23. РАЙ ПОД МИКРОСКОПОМ

[1] [2] [3]

23. РАЙ ПОД МИКРОСКОПОМ

Насчет того, что Тасканский пищекомбинат — это рай для заключенных, не было двух мнений. Особенно для женщин. Их здесь мало, в пять раз меньше, чем мужчин, и все они на хороших работах. В больнице, в яслях, в теплицах, свинарнике. Одним словом — в помещении! Не на свежем сорокаградусном воздухе!

Женский барак стоит вне зоны, охраняется только одним дежурным вохровцем, который смотрит сквозь пальцы, если бабенки пойдут в вольный поселок постирать, полы вымыть, одним словом — подработать.

А для мужчин уже тем хорошо, что Таскан не прииск, не забой. Таскан считается полуинвалидным ОЛПом. Все на легких работах! Я еще остро помню Известковую. Поэтому я шумно восхищаюсь Тасканом, и это смешит доктора, даже немного злит его.

— Вижу, что вам надо взглянуть на наш рай попристальней. Под микроскопом. Хотя бы под таким самодельным, как наш...

Захватив Конфуция, мы все втроем отправляемся "на производство". Это отнюдь не значит, что мы идем в цеха пищекомбината. Нет, в цехах работают вольняшки или бывшие зэка, освободившиеся из лагеря и осевшие на Колыме. А мы идем на большую сопку, которая и есть производственный объект наших доходяг. Вооруженные небольшими топориками, перекинув за плечи мешки, они ходят попарно по склонам сопки, рубят ветки низкорослого кедра-стланика. Потом сваливают ветки в мешки и тащат их на приемный пункт пищекомбината. Там эти ветки — сырье. Из них варят противоцинготные напитки и пасты.
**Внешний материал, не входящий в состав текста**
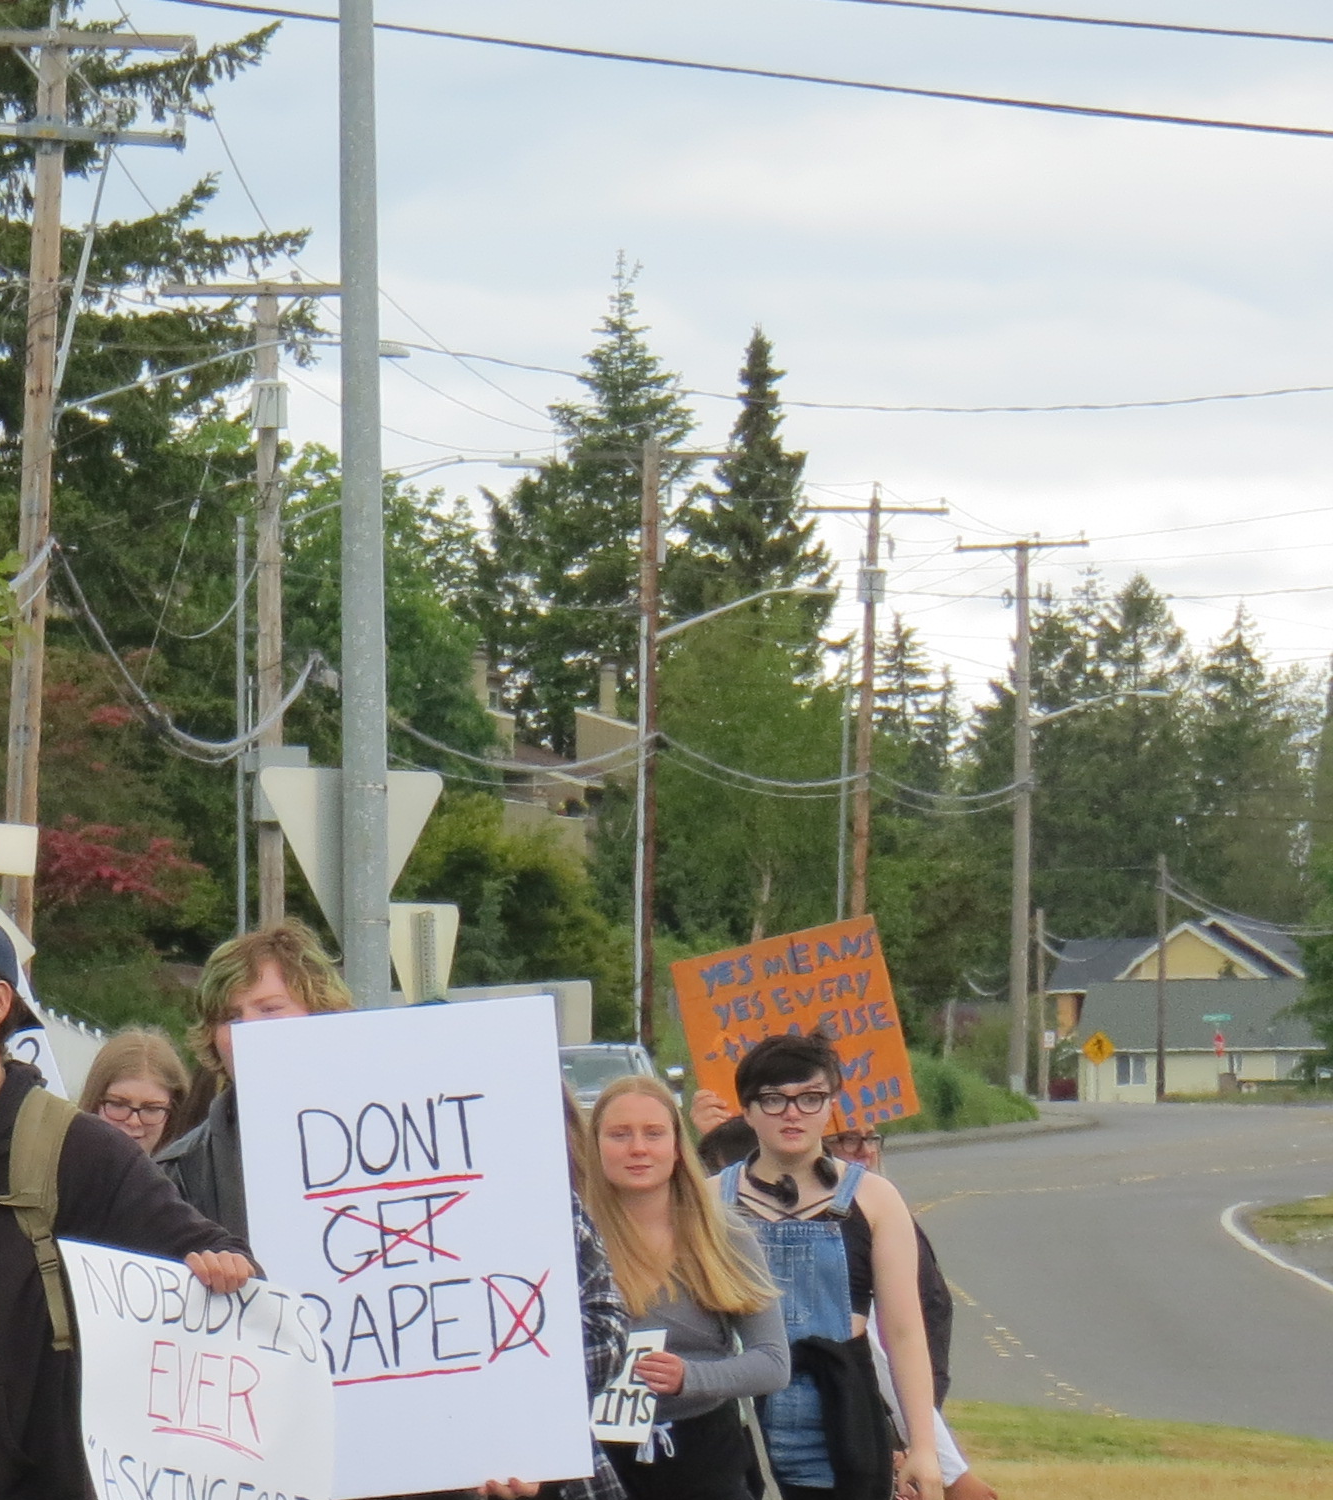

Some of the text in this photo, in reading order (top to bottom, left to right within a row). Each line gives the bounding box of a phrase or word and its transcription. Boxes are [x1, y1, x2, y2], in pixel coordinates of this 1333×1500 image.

Работают доходяги без конвоя. Куда им бежать-то? Да и само понятие о побеге не вяжется с этими странными, почти потусторонними фигурами, ползающими по сопке, точно какие-то неведомые насекомые, перемещающиеся движениями членистоногих.

— Итак, вот перед вами основное население рая. Берем один экземпляр, наводим на него микроскоп... Как дела, Балашов?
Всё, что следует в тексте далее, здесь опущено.